Ignite
Samuel Oliveira, PhD
Postdoctoral Researcher
Boston University, Massachusetts, United States
Cellular communities use inter-cellular signals to divide the labor of complex biological functions among species. Despite the advancement of synthetic biology tools for engineering complex genetic circuits with programmed functions, synthetic communities still lack mechanisms that provide co-cultures with robustness to environment fluctuations present in natural systems. Microfluidic devices can improve the robustness and sensitivity of co-cultures to varying environmental contexts. With spatial and temporal control, such devices enable the studies of novel intercellular signals in controlled conditions and their deployment in natural conditions. Here, we first developed a massively parallel microfluidic device to study the dynamics of bacterial communication in synthetic microbial communities.
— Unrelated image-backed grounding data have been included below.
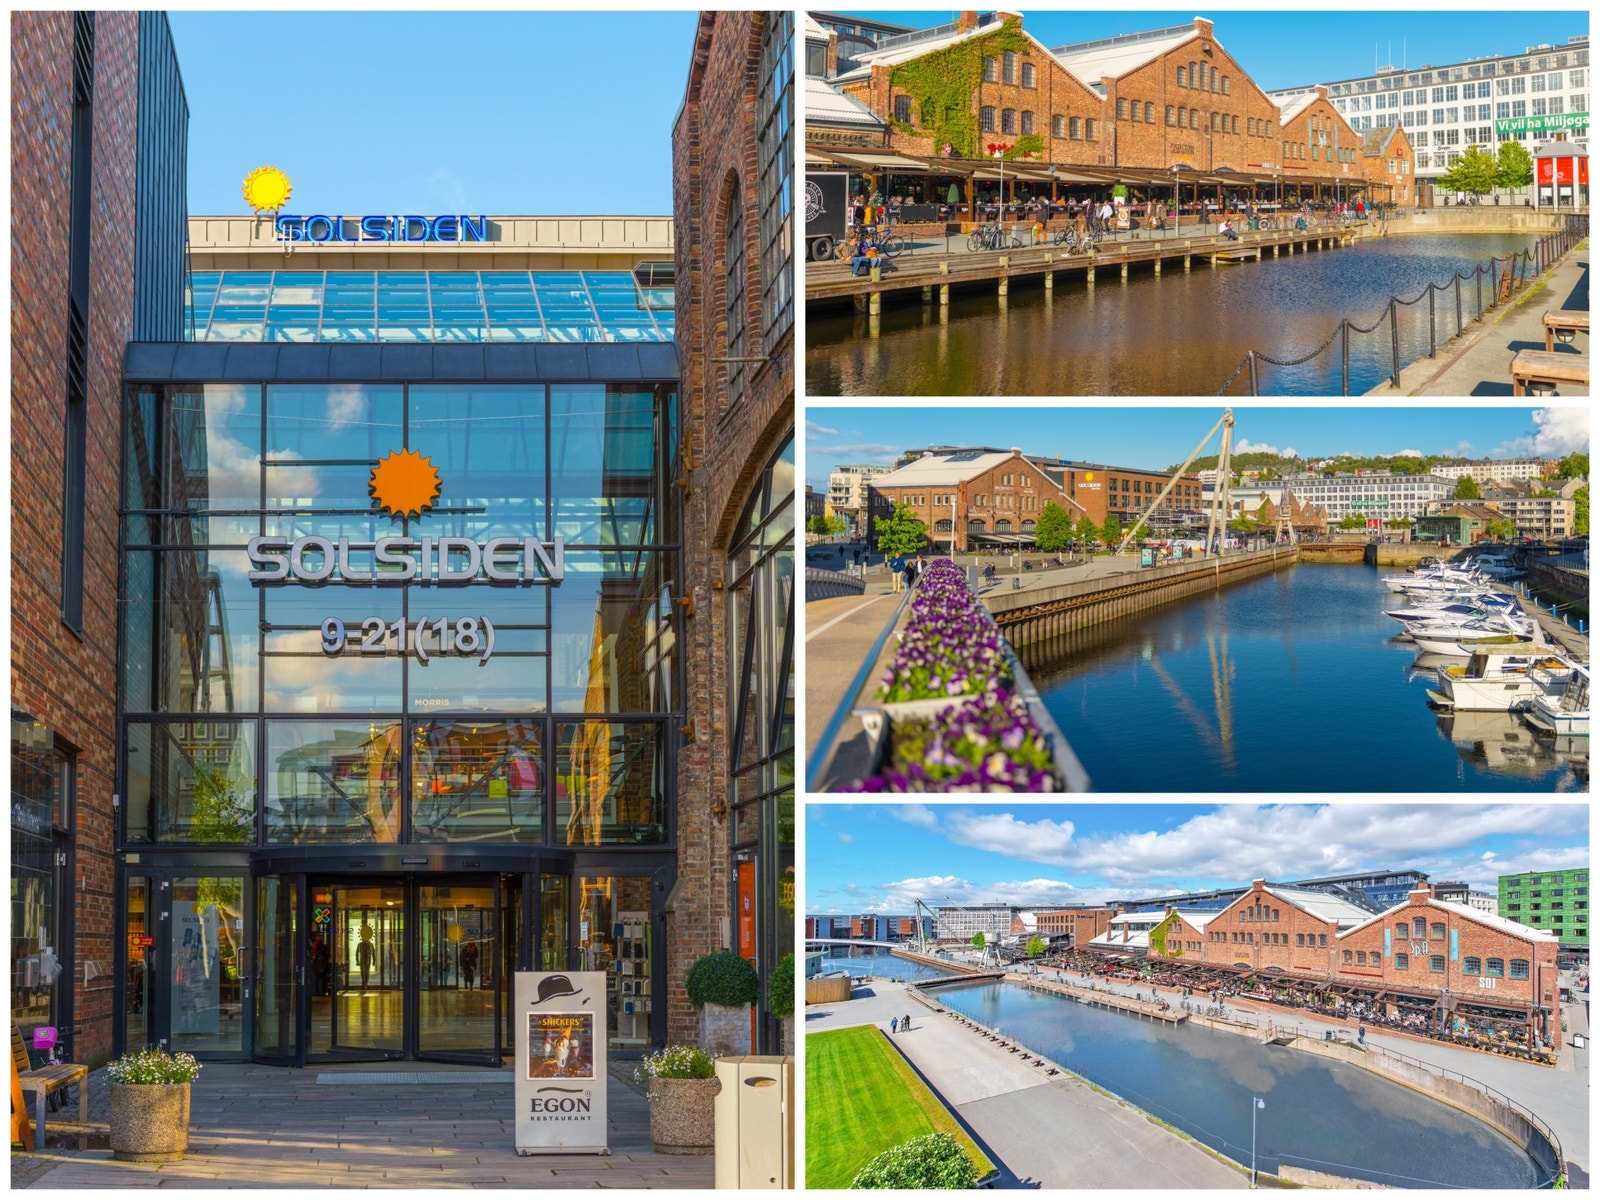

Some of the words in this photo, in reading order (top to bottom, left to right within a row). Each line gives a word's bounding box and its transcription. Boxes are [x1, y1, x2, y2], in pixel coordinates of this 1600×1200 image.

[1498, 120, 1509, 130] Vi
[1511, 118, 1525, 130] vil
[1527, 117, 1541, 128] ha
[275, 214, 488, 242] SOLSIDEN
[247, 535, 565, 583] SOLSIDEN
[320, 615, 496, 664] 9-21(18)
[414, 698, 450, 706] MORRIS
[530, 1097, 592, 1113] EGON
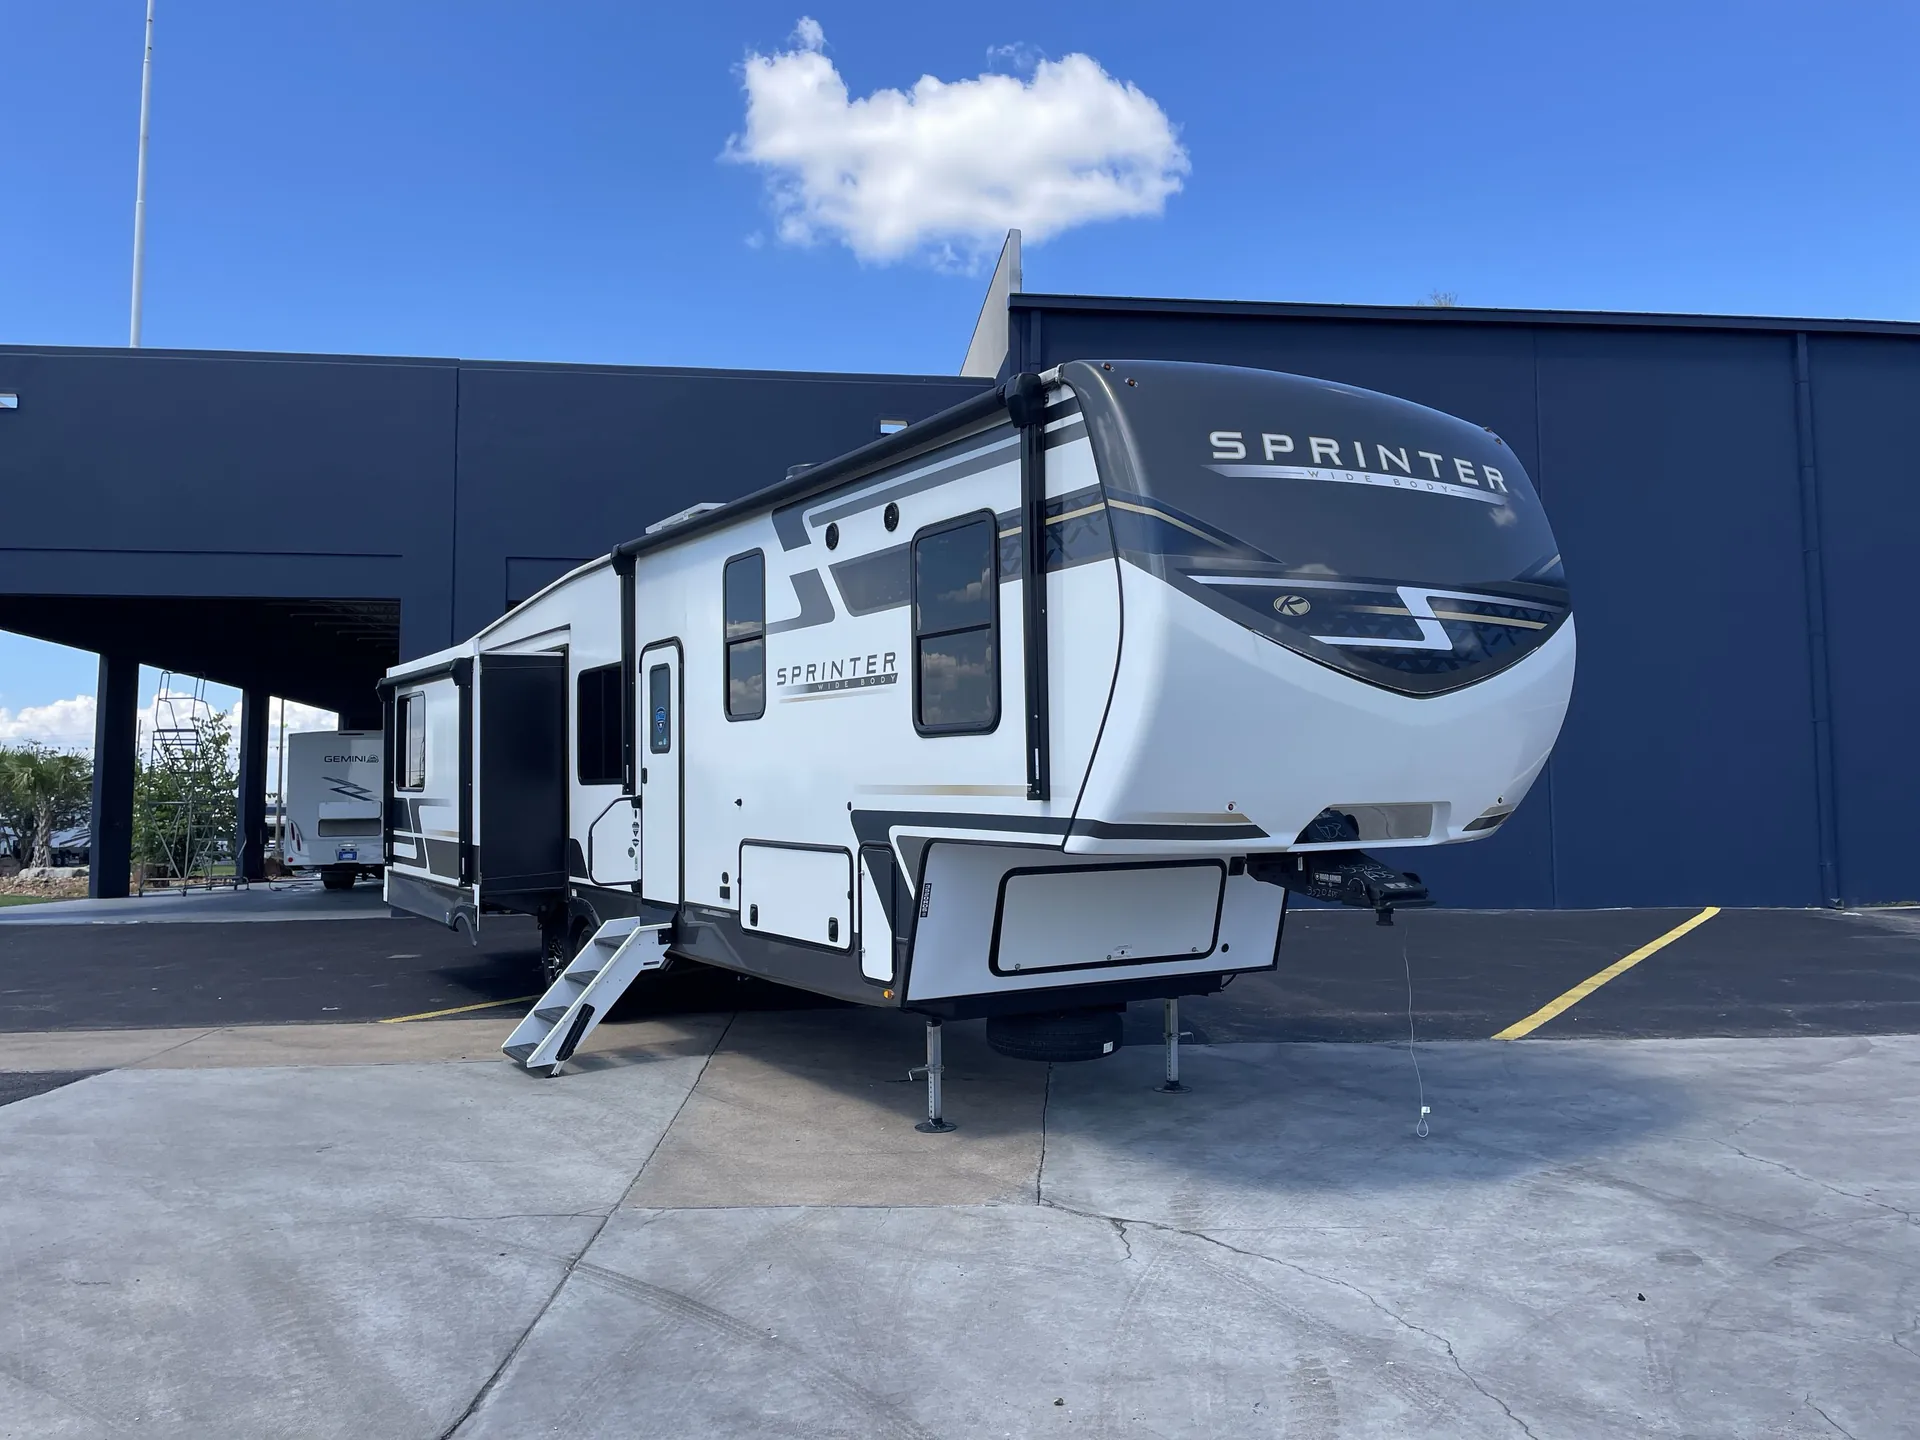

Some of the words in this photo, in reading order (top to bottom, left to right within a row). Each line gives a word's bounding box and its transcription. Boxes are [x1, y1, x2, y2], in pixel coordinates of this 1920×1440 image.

[1209, 431, 1509, 493] SPRINTER
[1307, 470, 1373, 483] WIDE
[1392, 478, 1448, 493] BODY
[776, 651, 896, 686] SPRINTER
[817, 680, 849, 691] WIDE
[860, 674, 897, 686] BODY
[323, 755, 366, 763] GEMINI
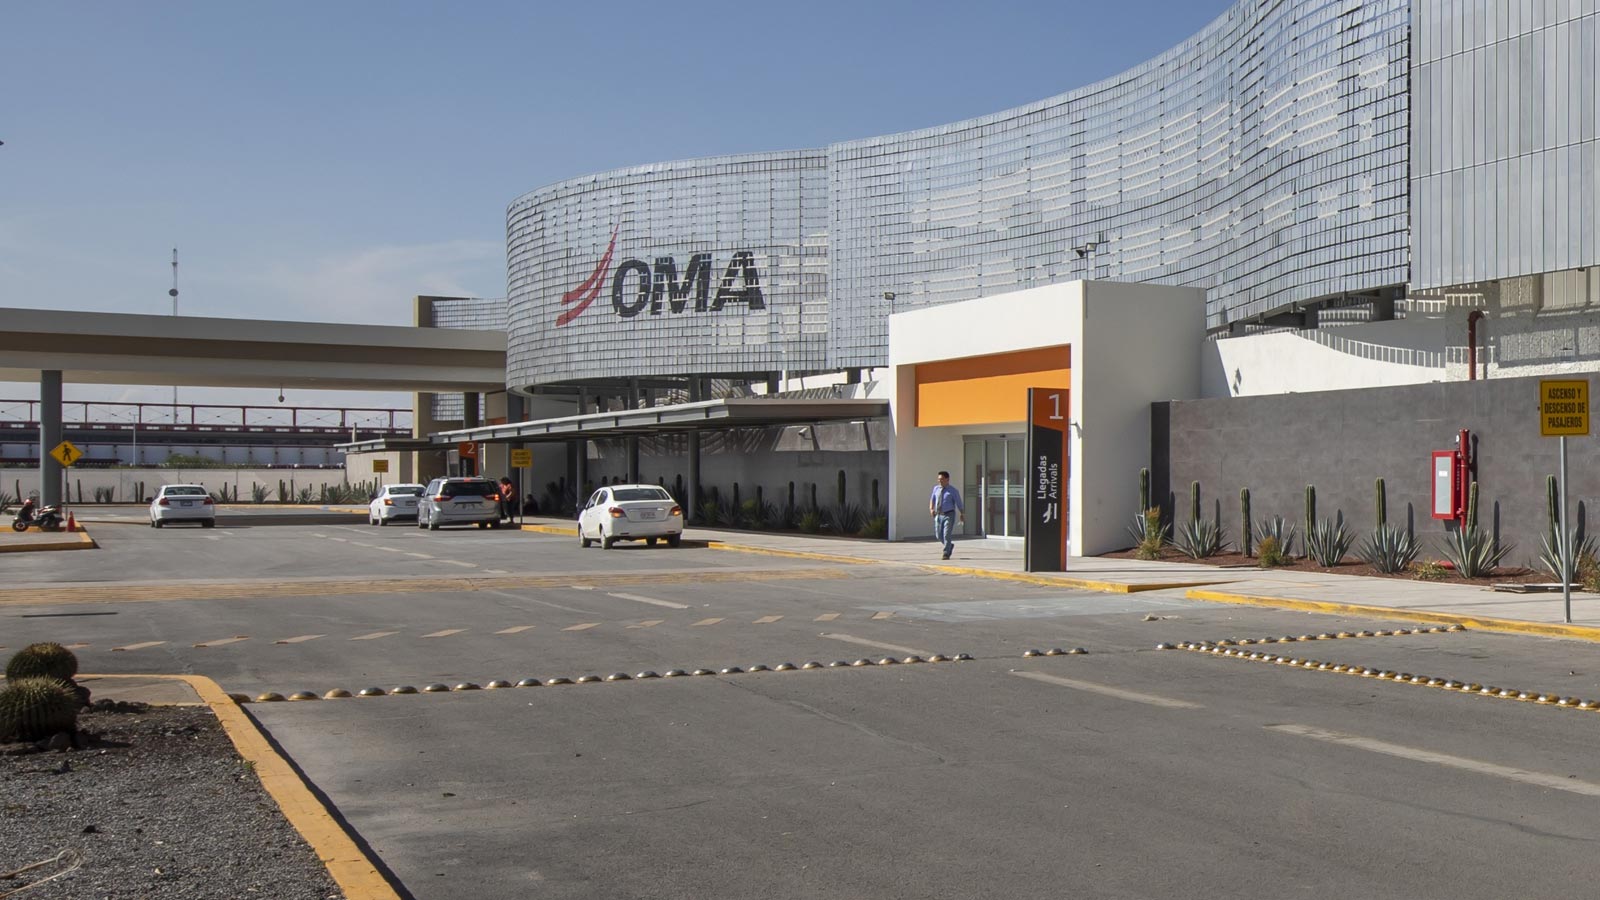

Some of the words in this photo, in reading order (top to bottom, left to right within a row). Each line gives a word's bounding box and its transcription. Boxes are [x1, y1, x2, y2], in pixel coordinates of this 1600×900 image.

[612, 251, 766, 318] OMA
[1548, 388, 1575, 399] ASCENSO
[1577, 388, 1582, 399] Y
[1048, 393, 1064, 420] 1
[1544, 402, 1575, 414] DESCENSO
[1577, 402, 1585, 414] DE
[1548, 417, 1582, 428] PASAJEROS
[467, 442, 476, 454] 2
[1037, 455, 1050, 499] Llegadas
[1048, 463, 1058, 499] Arrivals
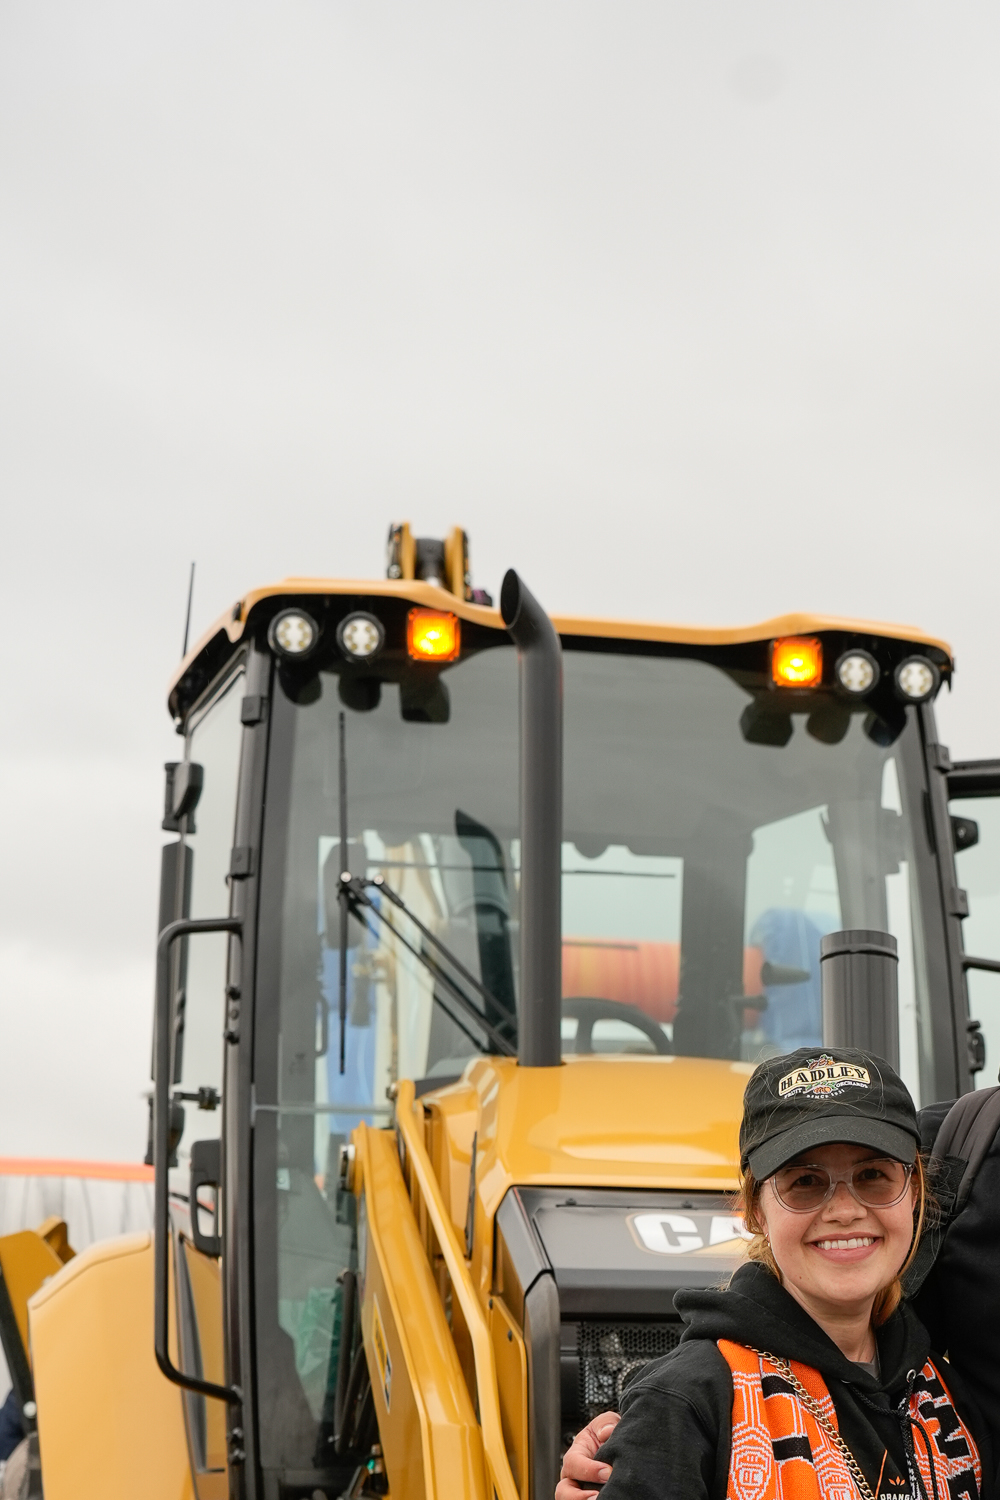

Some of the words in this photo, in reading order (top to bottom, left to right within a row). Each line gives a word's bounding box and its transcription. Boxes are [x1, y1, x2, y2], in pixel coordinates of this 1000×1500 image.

[781, 1067, 866, 1091] HADLEY
[784, 1088, 802, 1099] FRUIT
[634, 1213, 756, 1254] CA
Namely, custom biocommunication channels and precise control over experimental conditions simultaneously allow for the characterization of multiple co-cultures. Next, cell-cell communication was designed to leverage quorum-sensing systems and activate a fluorescence reporter system downstream. We built five pairs of sender-receiver cells carrying five intercellular signaling systems, independently, in which the receiver cells produce YFP signals after successful communication. Then, bacterial co-cultures were grown and maintained in long-term experiments (around seven days) in microfluidic devices under time-lapse microscopy. Signal processing tools were used to independently detect, track, and analyze fluorescence signals at the single-cell level for each pair of cells.